Updated on August 23, 2017
A picture of three Bullous Pemphigoid blisters
A picture of three Bullous Pemphigoid blisters | Source

Bullous Pemphigoid: A Rare but Treatable Autoimmune Skin Condition

This page describes my personal experience with Bullous Pemphigoid, a rare autoimmune skin disease often called the blistering disease. Symptoms include painful, itchy blisters that become infected.

Warning! This page contains pictures of blisters. If you are squeamish, please do not read any further.

Bullous pemphigoid is a rare but treatable skin condition caused by a disruption of the immune system. The primary symptoms are painful, itchy blisters that fill with a yellowish liquid. For that reason, it is called the blistering disease.

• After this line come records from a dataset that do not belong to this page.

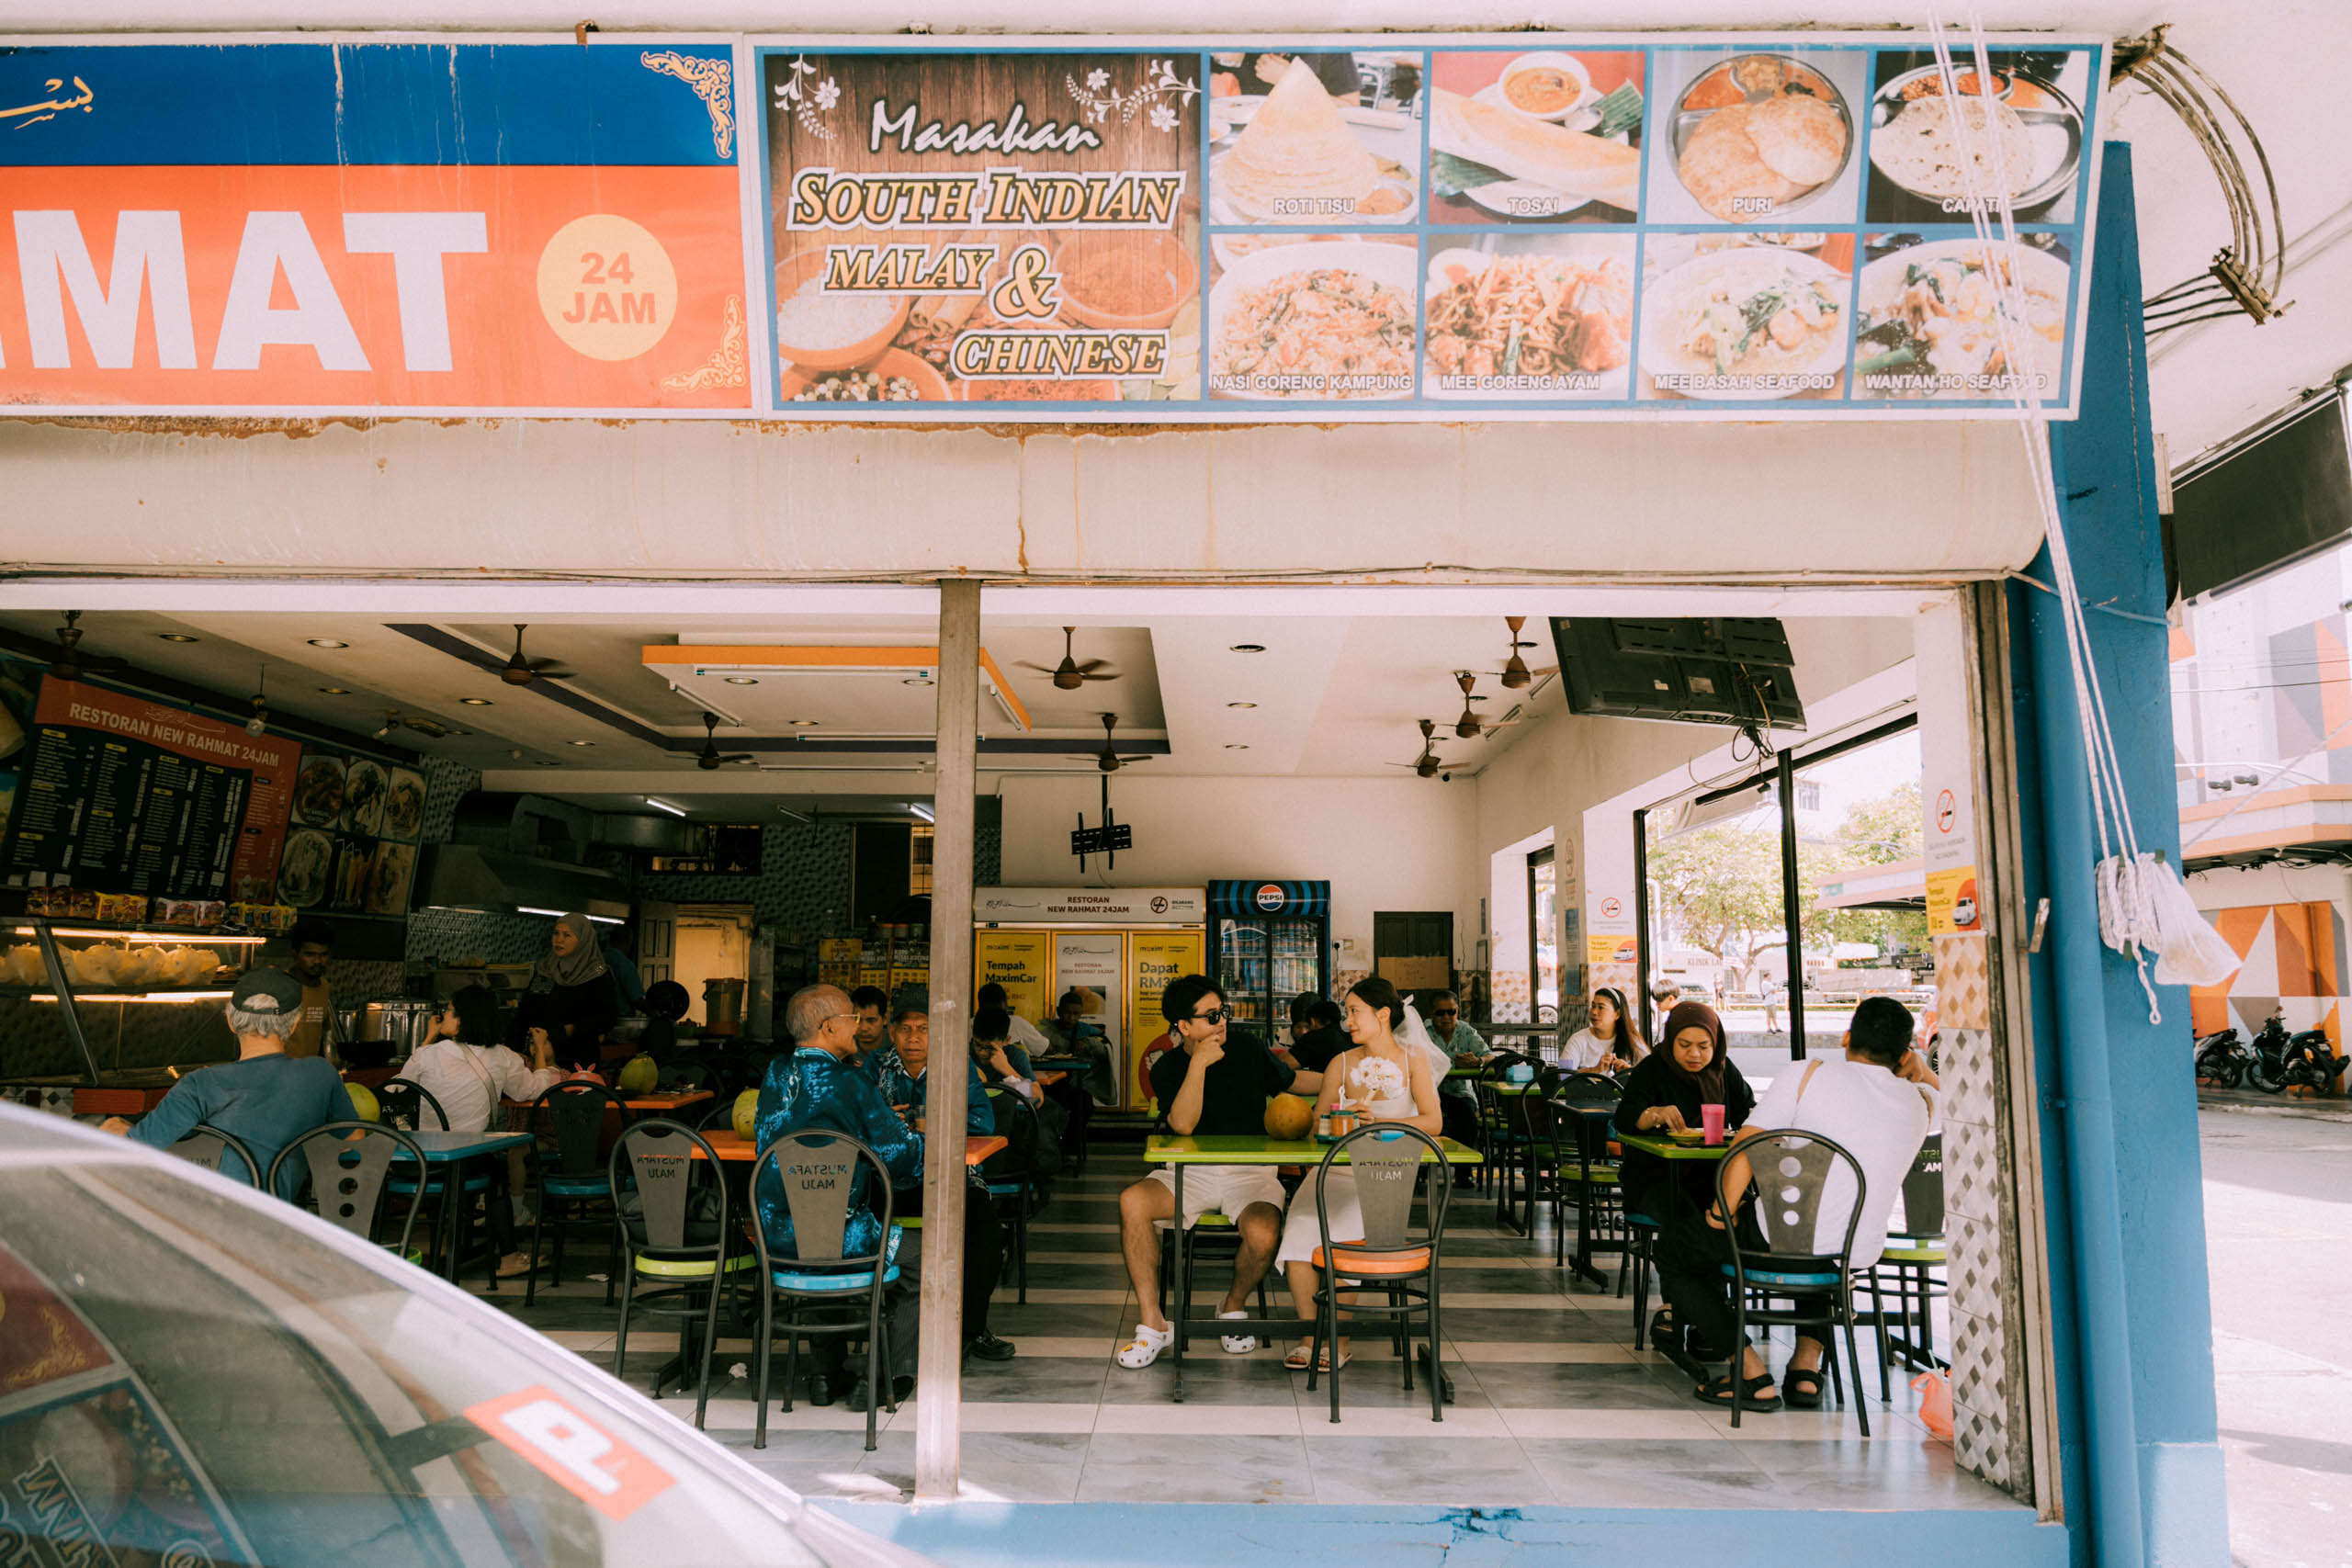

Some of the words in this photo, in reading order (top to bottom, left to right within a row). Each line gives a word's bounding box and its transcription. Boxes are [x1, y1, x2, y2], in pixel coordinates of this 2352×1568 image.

[869, 99, 1101, 153] Masakan
[791, 171, 979, 226] SOUTH
[982, 172, 1182, 226] INDIAN
[1273, 198, 1314, 214] ROTI
[1317, 198, 1355, 214] TISU
[1508, 197, 1559, 214] TOSAI
[1733, 197, 1772, 213] PURI
[580, 252, 634, 286] 24
[0, 209, 489, 373] MAT
[824, 247, 995, 291] MALAY
[993, 247, 1058, 319] &
[561, 290, 657, 325] JAM
[954, 333, 1167, 377] CHINESE
[1212, 375, 1251, 390] NASI
[1254, 375, 1326, 390] GORENG
[1329, 375, 1413, 390] KAMPUNG
[1441, 375, 1477, 390] MEE
[1480, 375, 1553, 390] GORENG
[1554, 375, 1600, 390] AYAM
[1654, 374, 1691, 389] MEE
[1694, 374, 1751, 389] BASAH
[1755, 374, 1836, 389] SEAFOOD
[1865, 374, 1936, 389] WANTAN
[1939, 374, 1963, 389] HO
[69, 702, 149, 737] RESTORAN
[153, 724, 184, 745] NEW
[186, 732, 240, 759] RAHMAT
[241, 745, 279, 767] 24JAM
[1067, 896, 1110, 904] RESTORAN
[1046, 906, 1066, 914] NEW
[1067, 906, 1102, 914] RAHMAT
[1102, 906, 1130, 914] 24JAM
[987, 961, 1025, 971] Tempah
[1140, 963, 1179, 975] Dapat
[985, 974, 1037, 983] MaximCar
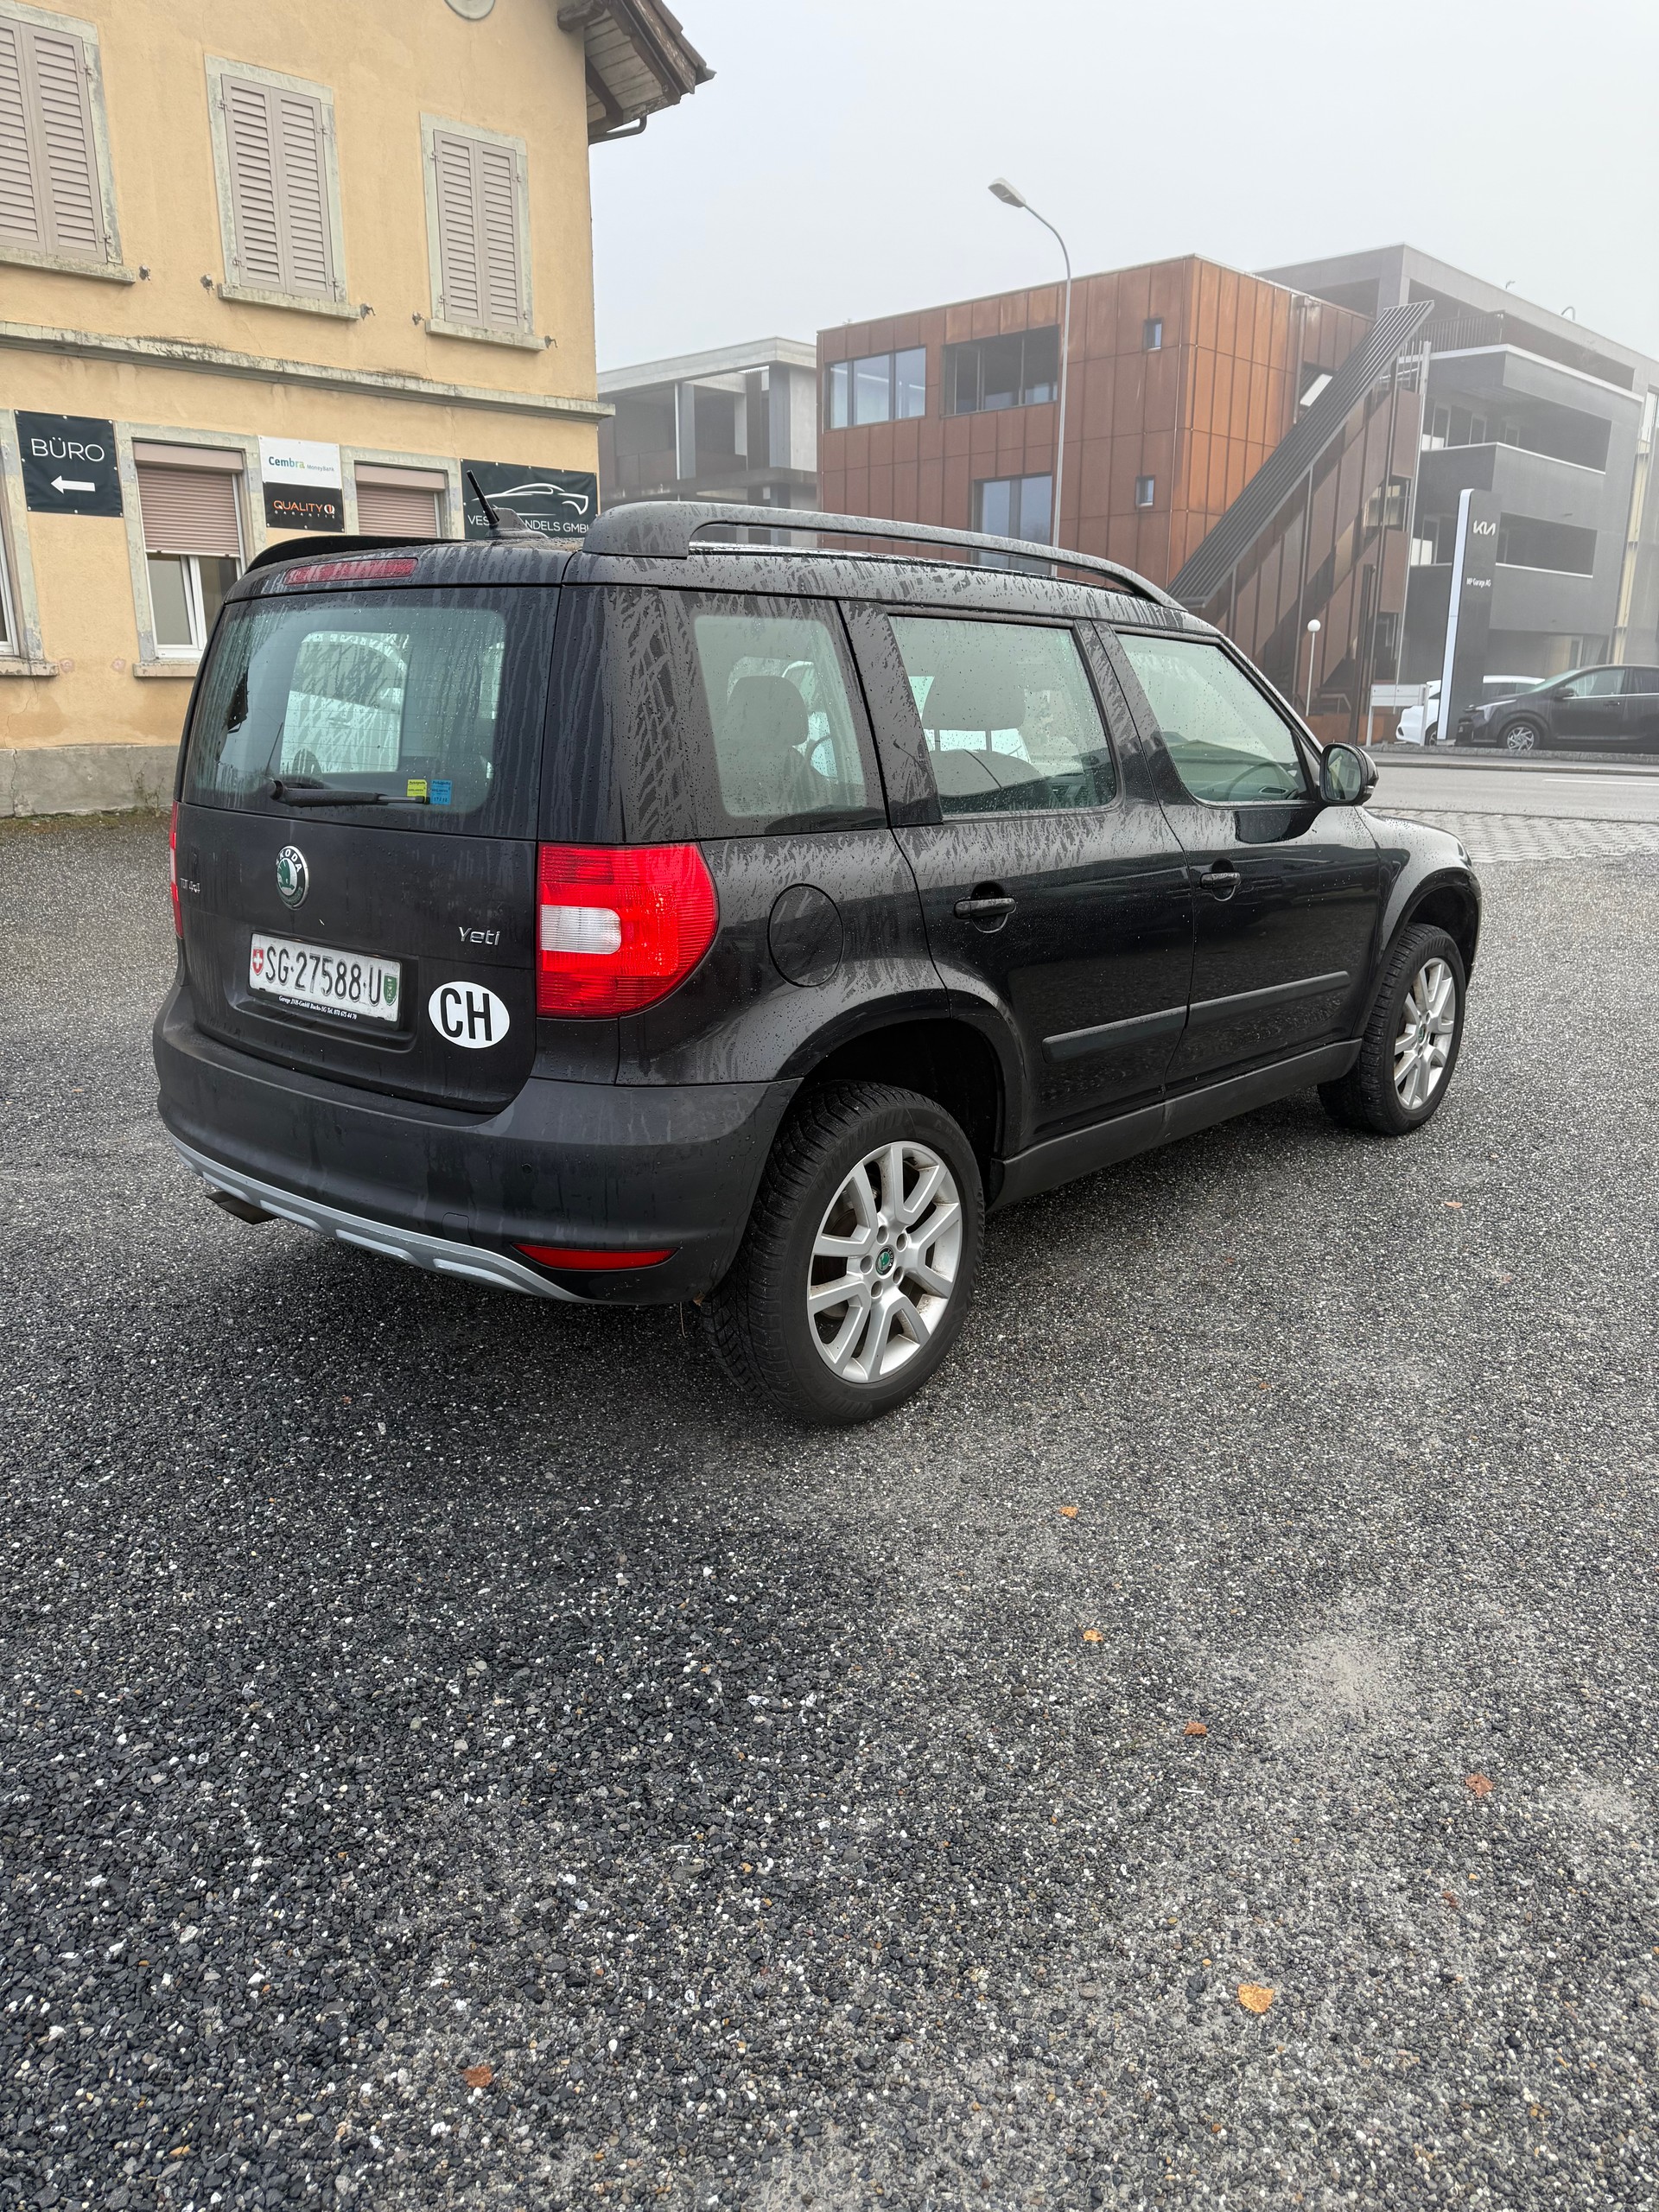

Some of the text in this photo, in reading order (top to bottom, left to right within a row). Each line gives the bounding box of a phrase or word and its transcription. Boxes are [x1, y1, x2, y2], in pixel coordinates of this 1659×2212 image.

[30, 436, 105, 462] BÜRO
[269, 455, 335, 473] Cembra MoneyBank
[273, 499, 323, 512] QUALITY
[563, 522, 589, 533] GMB
[1472, 520, 1496, 536] KIA
[1472, 578, 1484, 588] Garage
[458, 926, 501, 946] Yeti
[278, 995, 291, 1004] Garage
[440, 987, 493, 1042] CH

The Mayo Clinic web site has this to say: Bullous pemphigoid occurs when the immune system mounts an attack against a thin layer of tissue below your outer layer of skin. The reason for this abnormal immune response is unknown.

The condition can happen to anyone, but it is most common among seniors and the elderly. The cause is unknown. The treatment involves the use of corticosteroids such as Prednisone.

Since it is a rare condition, it can be difficult to diagnose.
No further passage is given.